All lines from the one with "this 1960×757 image." through the last line of the data below should be copied exactly; please add nothing.

=== Data supplied ===

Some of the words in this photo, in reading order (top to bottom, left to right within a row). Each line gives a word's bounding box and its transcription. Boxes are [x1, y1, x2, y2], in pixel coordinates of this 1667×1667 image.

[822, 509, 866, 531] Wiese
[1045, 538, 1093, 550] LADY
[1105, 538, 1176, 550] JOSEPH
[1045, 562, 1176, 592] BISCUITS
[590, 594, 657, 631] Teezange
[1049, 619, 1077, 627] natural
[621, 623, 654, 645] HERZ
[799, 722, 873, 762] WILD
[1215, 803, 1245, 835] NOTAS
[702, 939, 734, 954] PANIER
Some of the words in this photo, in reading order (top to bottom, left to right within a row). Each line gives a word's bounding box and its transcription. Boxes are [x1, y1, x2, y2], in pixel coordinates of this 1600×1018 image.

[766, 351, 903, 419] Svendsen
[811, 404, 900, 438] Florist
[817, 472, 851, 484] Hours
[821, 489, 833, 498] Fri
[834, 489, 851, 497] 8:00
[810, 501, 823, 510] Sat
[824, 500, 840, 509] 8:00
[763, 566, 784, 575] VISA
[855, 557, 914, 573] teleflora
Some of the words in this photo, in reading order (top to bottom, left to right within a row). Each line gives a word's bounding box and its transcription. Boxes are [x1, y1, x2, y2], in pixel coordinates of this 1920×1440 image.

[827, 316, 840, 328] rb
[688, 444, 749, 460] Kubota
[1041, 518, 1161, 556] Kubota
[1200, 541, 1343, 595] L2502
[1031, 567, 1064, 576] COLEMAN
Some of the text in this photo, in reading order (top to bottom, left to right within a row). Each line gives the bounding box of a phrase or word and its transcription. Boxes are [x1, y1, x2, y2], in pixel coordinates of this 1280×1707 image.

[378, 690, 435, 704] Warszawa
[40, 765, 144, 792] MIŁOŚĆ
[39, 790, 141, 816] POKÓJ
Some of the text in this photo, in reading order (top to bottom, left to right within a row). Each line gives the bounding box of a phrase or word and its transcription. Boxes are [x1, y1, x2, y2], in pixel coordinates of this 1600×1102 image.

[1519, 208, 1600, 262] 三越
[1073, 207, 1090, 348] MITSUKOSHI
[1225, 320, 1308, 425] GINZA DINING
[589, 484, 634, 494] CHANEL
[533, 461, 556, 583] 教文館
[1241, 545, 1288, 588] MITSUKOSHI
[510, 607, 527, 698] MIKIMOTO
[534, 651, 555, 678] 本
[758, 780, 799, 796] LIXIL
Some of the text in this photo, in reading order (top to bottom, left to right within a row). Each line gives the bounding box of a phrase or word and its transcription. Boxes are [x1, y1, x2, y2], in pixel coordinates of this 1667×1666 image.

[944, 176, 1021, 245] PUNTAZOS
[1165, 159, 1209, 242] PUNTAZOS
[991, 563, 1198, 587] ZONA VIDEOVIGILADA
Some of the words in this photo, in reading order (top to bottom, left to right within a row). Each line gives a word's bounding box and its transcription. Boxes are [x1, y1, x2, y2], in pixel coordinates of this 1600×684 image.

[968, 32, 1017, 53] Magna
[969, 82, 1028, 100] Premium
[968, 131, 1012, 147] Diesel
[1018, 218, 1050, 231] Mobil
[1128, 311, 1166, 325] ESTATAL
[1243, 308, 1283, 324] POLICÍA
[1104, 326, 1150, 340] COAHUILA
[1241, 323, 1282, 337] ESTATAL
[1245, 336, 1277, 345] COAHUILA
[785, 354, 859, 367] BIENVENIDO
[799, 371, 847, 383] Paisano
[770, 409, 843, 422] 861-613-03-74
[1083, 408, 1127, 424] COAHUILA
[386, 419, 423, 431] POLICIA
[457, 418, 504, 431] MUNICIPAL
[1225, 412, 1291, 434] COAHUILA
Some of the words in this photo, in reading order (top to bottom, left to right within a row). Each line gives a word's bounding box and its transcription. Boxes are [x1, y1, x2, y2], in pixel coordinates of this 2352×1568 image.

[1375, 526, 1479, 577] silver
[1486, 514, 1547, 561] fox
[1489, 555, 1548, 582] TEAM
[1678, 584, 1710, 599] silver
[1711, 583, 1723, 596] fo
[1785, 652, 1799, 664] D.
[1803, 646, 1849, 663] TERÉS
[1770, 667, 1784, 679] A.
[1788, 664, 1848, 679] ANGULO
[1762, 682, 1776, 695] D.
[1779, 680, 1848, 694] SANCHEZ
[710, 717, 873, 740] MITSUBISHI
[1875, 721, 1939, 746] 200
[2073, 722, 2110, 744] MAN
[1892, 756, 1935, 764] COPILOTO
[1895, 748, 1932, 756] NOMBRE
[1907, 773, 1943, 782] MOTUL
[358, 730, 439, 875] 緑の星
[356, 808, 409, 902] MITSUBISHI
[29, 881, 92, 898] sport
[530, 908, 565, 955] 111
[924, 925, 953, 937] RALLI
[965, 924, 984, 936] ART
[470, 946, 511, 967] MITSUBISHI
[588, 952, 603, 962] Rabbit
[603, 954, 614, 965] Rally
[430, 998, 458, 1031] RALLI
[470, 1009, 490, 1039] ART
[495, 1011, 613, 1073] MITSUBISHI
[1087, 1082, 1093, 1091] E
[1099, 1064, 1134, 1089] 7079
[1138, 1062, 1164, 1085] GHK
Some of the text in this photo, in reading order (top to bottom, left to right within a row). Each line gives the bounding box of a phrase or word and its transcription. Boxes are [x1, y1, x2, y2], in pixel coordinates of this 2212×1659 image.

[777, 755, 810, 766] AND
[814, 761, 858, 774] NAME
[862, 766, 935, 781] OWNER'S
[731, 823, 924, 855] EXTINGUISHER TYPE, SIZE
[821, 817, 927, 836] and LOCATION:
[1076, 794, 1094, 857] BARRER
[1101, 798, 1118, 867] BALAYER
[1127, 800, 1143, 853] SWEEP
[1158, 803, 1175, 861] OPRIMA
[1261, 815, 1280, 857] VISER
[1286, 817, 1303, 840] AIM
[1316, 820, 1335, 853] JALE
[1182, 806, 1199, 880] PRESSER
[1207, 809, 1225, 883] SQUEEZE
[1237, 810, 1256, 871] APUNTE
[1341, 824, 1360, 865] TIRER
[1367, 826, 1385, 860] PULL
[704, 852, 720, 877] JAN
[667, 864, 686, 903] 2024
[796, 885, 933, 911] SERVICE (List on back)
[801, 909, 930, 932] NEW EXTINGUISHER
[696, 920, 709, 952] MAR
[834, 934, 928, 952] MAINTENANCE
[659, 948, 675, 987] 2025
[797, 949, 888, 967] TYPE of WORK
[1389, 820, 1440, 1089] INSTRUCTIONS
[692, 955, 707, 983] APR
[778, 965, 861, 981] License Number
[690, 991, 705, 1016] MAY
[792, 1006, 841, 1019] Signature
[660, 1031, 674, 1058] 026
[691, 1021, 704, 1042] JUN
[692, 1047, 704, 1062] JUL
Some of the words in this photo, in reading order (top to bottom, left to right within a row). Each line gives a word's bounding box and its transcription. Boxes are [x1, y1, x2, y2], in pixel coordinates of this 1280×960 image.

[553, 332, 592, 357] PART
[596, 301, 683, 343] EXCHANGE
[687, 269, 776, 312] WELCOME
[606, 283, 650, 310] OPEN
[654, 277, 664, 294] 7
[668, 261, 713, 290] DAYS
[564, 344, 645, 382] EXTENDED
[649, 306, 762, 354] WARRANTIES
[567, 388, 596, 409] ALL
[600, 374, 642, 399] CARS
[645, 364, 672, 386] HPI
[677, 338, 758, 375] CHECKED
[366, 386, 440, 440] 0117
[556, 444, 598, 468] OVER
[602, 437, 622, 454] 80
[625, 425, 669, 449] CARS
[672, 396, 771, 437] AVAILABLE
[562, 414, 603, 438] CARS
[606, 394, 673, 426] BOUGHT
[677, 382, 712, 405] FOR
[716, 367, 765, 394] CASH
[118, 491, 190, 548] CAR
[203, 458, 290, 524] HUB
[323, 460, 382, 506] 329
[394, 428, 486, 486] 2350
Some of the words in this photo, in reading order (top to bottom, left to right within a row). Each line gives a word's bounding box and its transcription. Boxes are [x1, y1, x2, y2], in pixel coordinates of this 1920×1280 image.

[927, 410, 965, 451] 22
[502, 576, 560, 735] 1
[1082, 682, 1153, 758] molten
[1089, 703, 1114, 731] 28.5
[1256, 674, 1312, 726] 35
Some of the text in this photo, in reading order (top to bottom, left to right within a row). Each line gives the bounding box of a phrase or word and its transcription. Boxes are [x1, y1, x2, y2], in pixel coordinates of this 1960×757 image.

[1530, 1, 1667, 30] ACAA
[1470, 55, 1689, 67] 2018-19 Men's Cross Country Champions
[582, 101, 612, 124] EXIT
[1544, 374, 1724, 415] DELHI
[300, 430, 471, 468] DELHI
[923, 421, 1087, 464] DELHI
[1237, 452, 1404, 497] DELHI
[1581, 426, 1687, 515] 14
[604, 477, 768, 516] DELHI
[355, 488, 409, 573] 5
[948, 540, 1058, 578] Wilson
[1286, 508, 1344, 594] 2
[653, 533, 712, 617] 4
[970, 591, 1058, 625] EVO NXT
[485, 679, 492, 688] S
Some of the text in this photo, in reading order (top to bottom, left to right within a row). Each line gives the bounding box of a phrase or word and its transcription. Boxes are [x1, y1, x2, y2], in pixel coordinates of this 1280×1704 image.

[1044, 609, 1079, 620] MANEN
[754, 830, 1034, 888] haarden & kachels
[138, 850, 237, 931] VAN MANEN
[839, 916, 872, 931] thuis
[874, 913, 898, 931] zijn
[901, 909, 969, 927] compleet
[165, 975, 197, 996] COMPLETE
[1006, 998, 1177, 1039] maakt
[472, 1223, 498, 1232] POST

===

- Solution to the exercise
Some of the text in this photo, in reading order (top to bottom, left to right within a row). Each line gives the bounding box of a phrase or word and its transcription. Boxes are [x1, y1, x2, y2], in pixel coordinates of this 1960×757 image.

[1530, 1, 1667, 30] ACAA
[1470, 55, 1689, 67] 2018-19 Men's Cross Country Champions
[582, 101, 612, 124] EXIT
[1544, 374, 1724, 415] DELHI
[300, 430, 471, 468] DELHI
[923, 421, 1087, 464] DELHI
[1237, 452, 1404, 497] DELHI
[1581, 426, 1687, 515] 14
[604, 477, 768, 516] DELHI
[355, 488, 409, 573] 5
[948, 540, 1058, 578] Wilson
[1286, 508, 1344, 594] 2
[653, 533, 712, 617] 4
[970, 591, 1058, 625] EVO NXT
[485, 679, 492, 688] S
Some of the text in this photo, in reading order (top to bottom, left to right within a row). Each line gives the bounding box of a phrase or word and its transcription. Boxes are [x1, y1, x2, y2], in pixel coordinates of this 1280×1704 image.

[1044, 609, 1079, 620] MANEN
[754, 830, 1034, 888] haarden & kachels
[138, 850, 237, 931] VAN MANEN
[839, 916, 872, 931] thuis
[874, 913, 898, 931] zijn
[901, 909, 969, 927] compleet
[165, 975, 197, 996] COMPLETE
[1006, 998, 1177, 1039] maakt
[472, 1223, 498, 1232] POST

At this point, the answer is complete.